Record excerpts
== Segment start ==

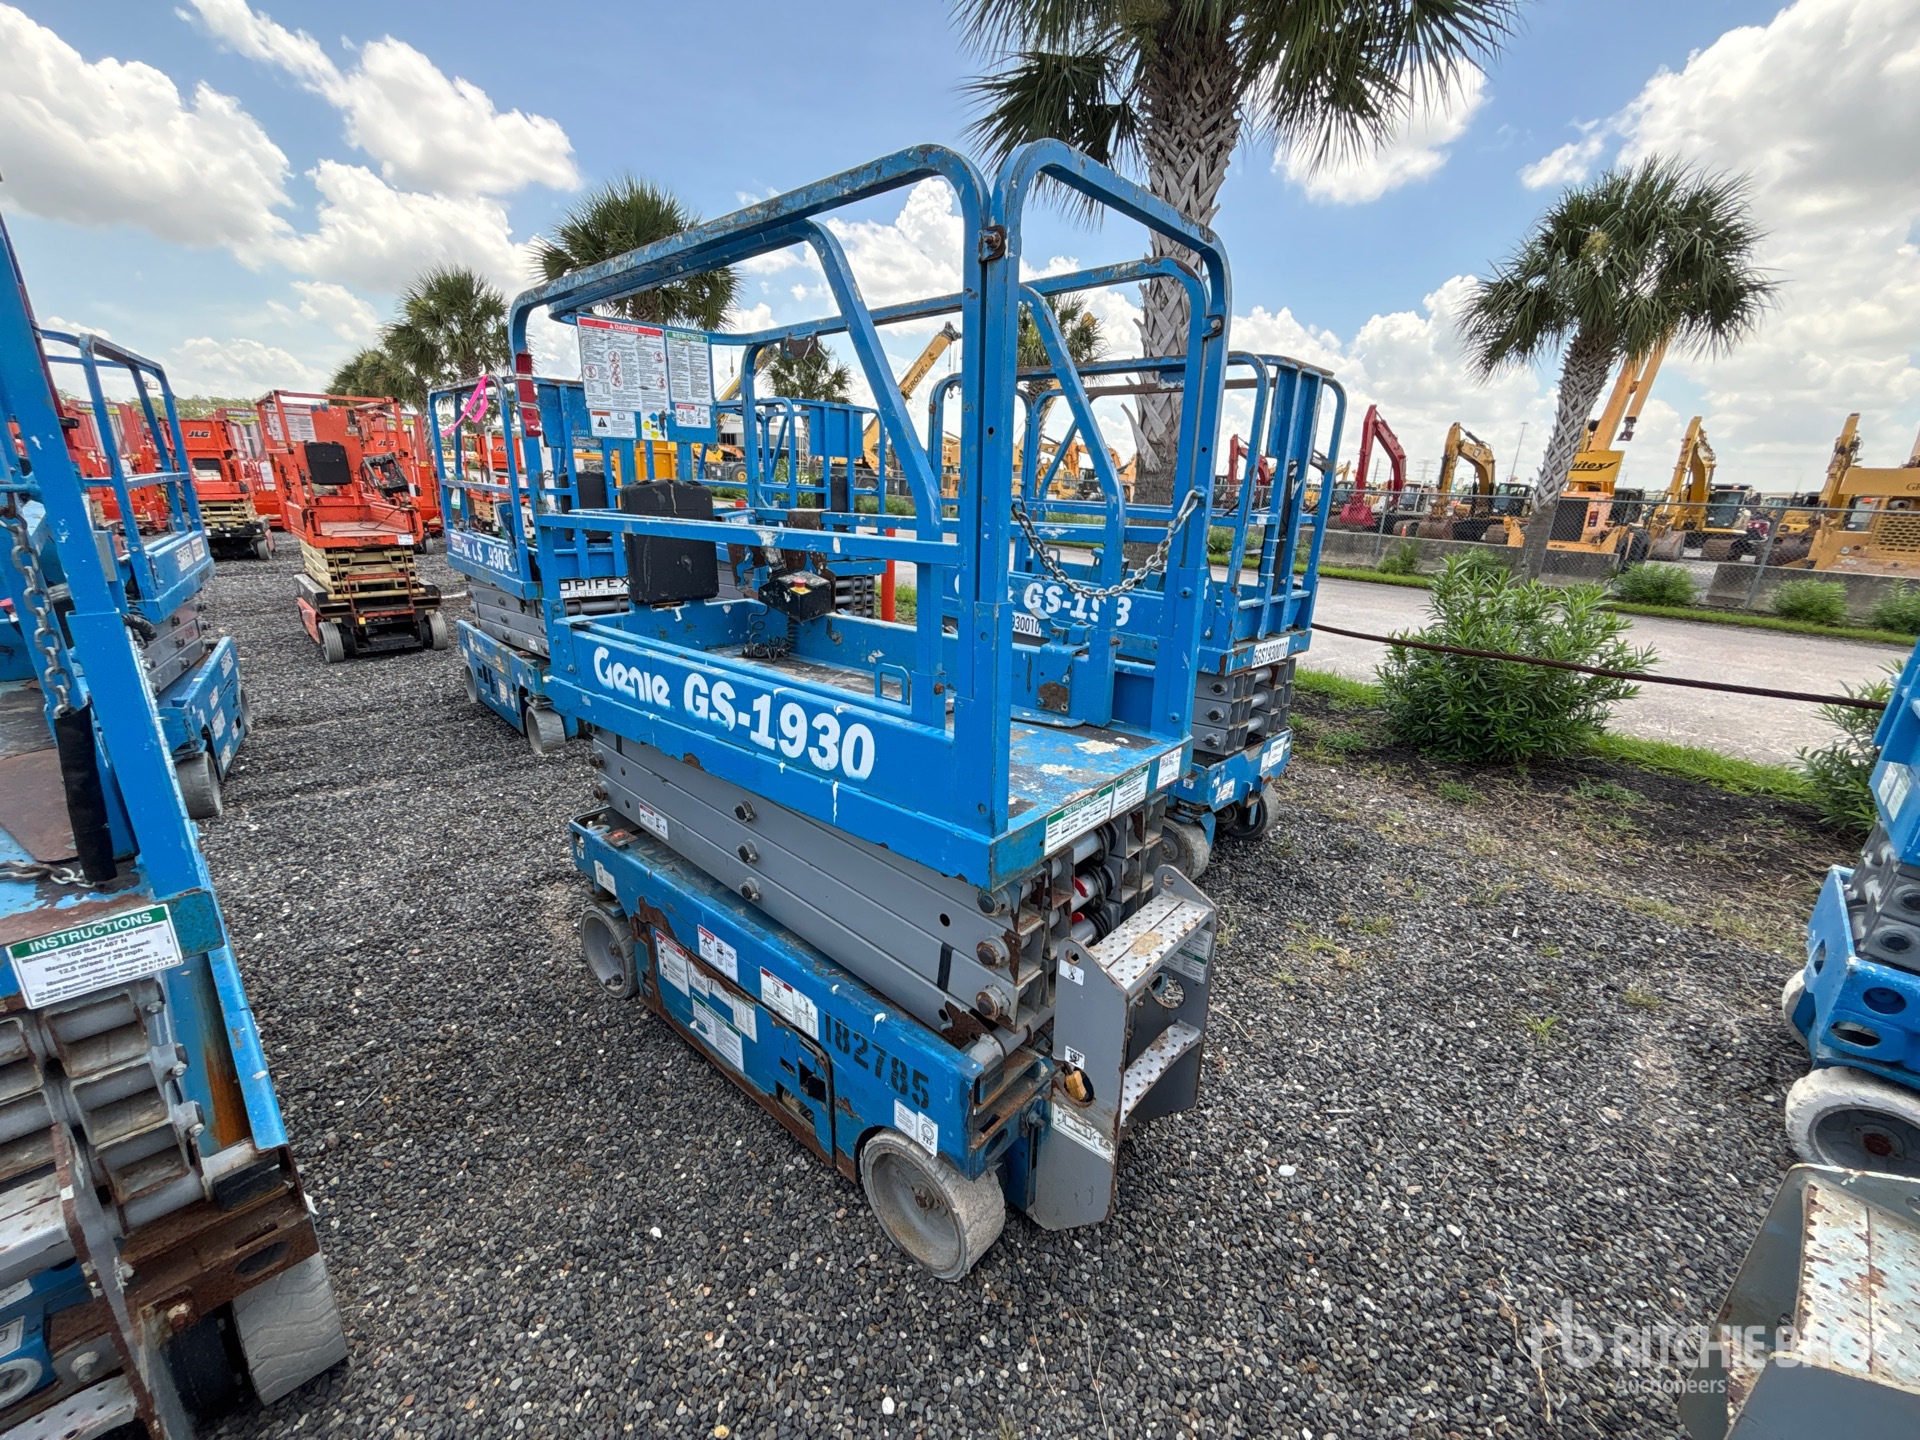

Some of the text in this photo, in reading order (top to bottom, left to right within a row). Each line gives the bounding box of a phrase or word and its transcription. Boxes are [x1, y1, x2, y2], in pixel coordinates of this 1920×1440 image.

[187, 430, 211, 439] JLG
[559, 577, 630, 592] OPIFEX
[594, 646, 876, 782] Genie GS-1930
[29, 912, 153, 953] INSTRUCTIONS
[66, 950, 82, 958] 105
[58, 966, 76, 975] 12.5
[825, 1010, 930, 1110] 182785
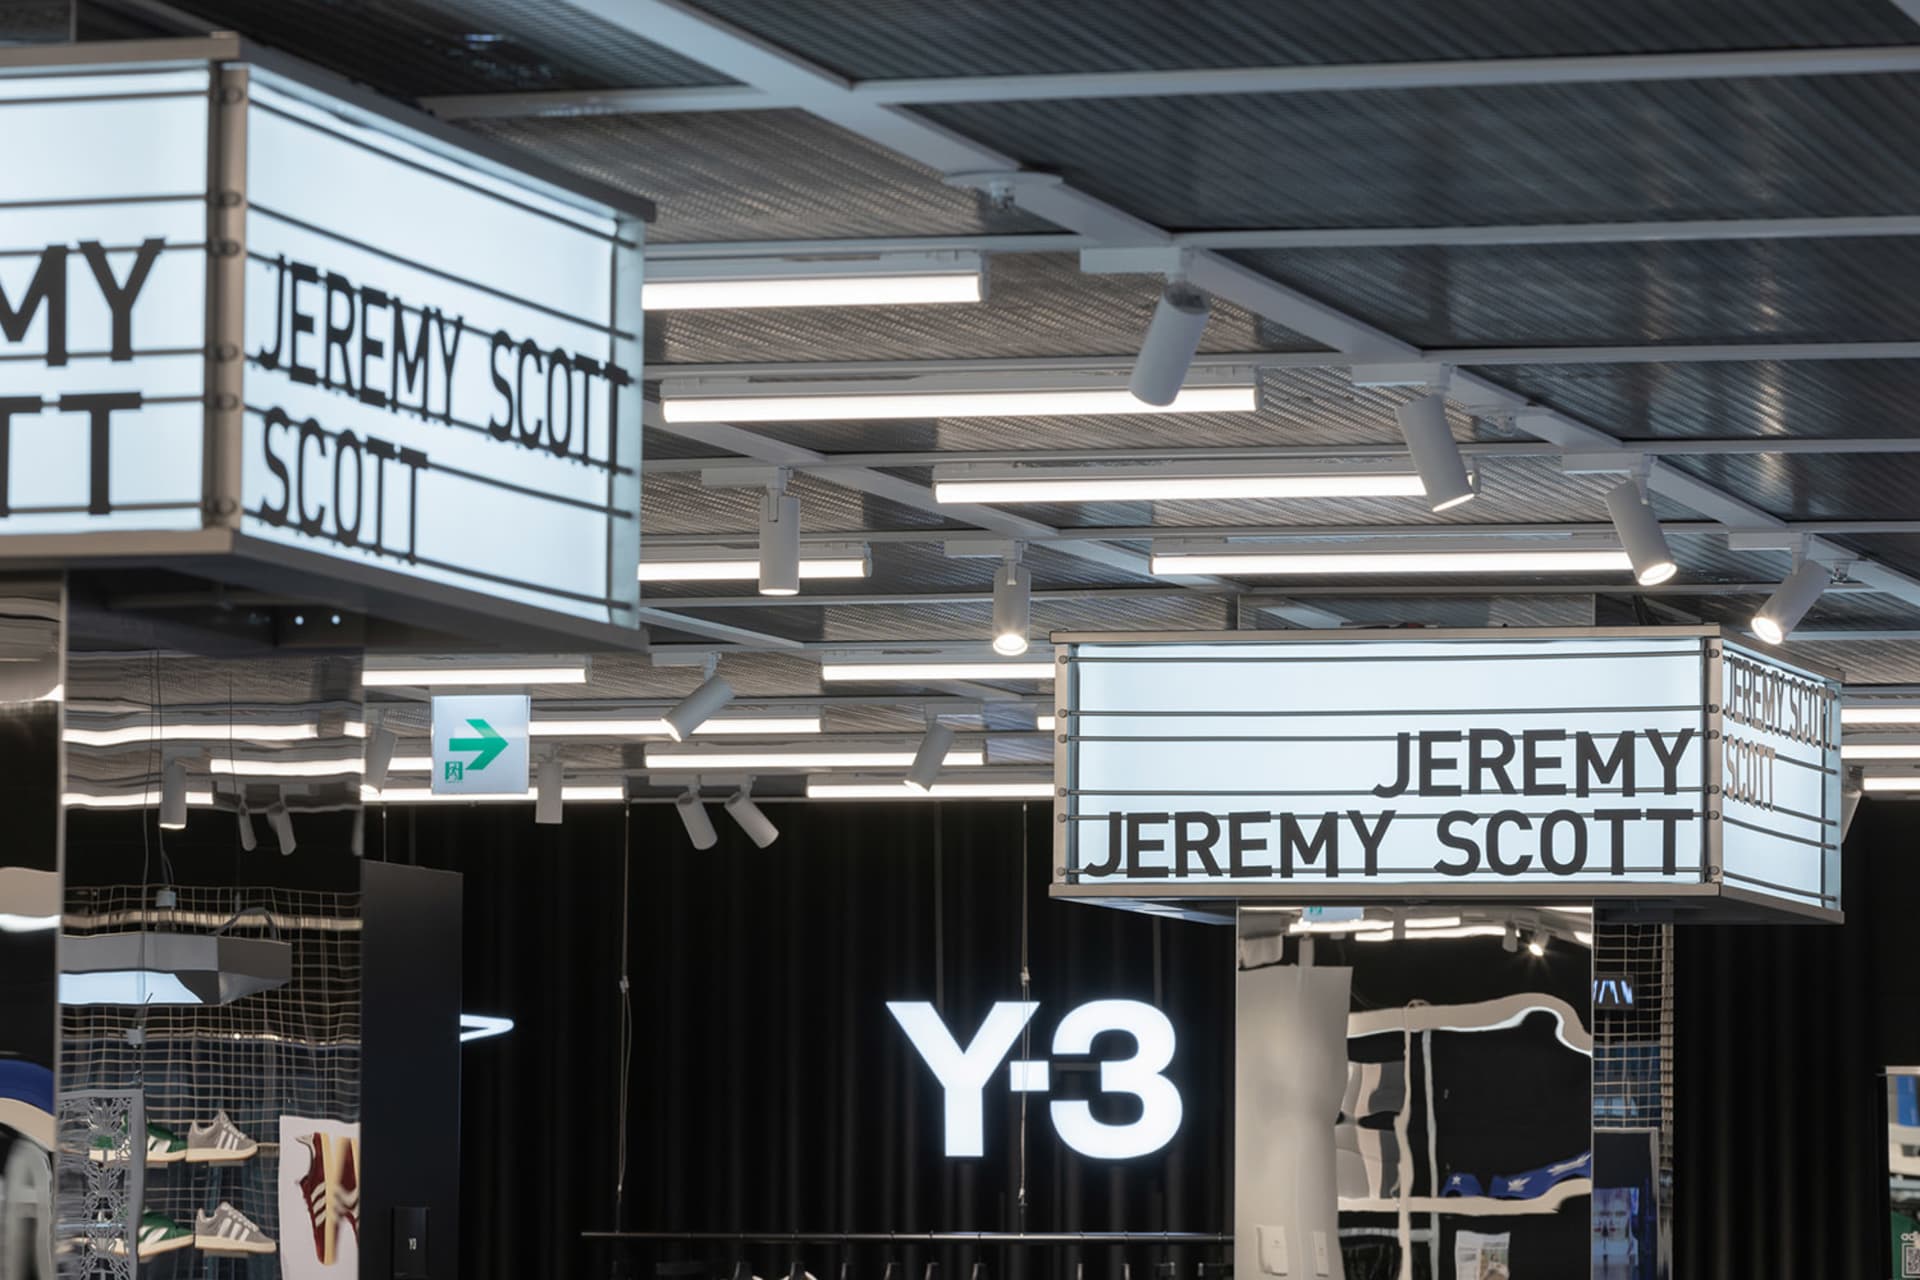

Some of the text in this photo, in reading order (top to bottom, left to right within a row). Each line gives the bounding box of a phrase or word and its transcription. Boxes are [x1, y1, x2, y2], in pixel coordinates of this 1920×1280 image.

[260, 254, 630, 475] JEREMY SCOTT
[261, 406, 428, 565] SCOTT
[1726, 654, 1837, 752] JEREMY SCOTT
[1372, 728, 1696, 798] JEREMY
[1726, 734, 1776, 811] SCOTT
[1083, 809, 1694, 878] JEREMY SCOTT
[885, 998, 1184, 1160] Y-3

== Segment end ==

Instructions for the task
Starting at the line with "this 1920×1280 image.", restate each line through the end of the records, both ends included, and stop there.

Reply
Some of the text in this photo, in reading order (top to bottom, left to right within a row). Each line gives the bounding box of a phrase or word and its transcription. Boxes are [x1, y1, x2, y2], in pixel coordinates of this 1920×1280 image.

[260, 254, 630, 475] JEREMY SCOTT
[261, 406, 428, 565] SCOTT
[1726, 654, 1837, 752] JEREMY SCOTT
[1372, 728, 1696, 798] JEREMY
[1726, 734, 1776, 811] SCOTT
[1083, 809, 1694, 878] JEREMY SCOTT
[885, 998, 1184, 1160] Y-3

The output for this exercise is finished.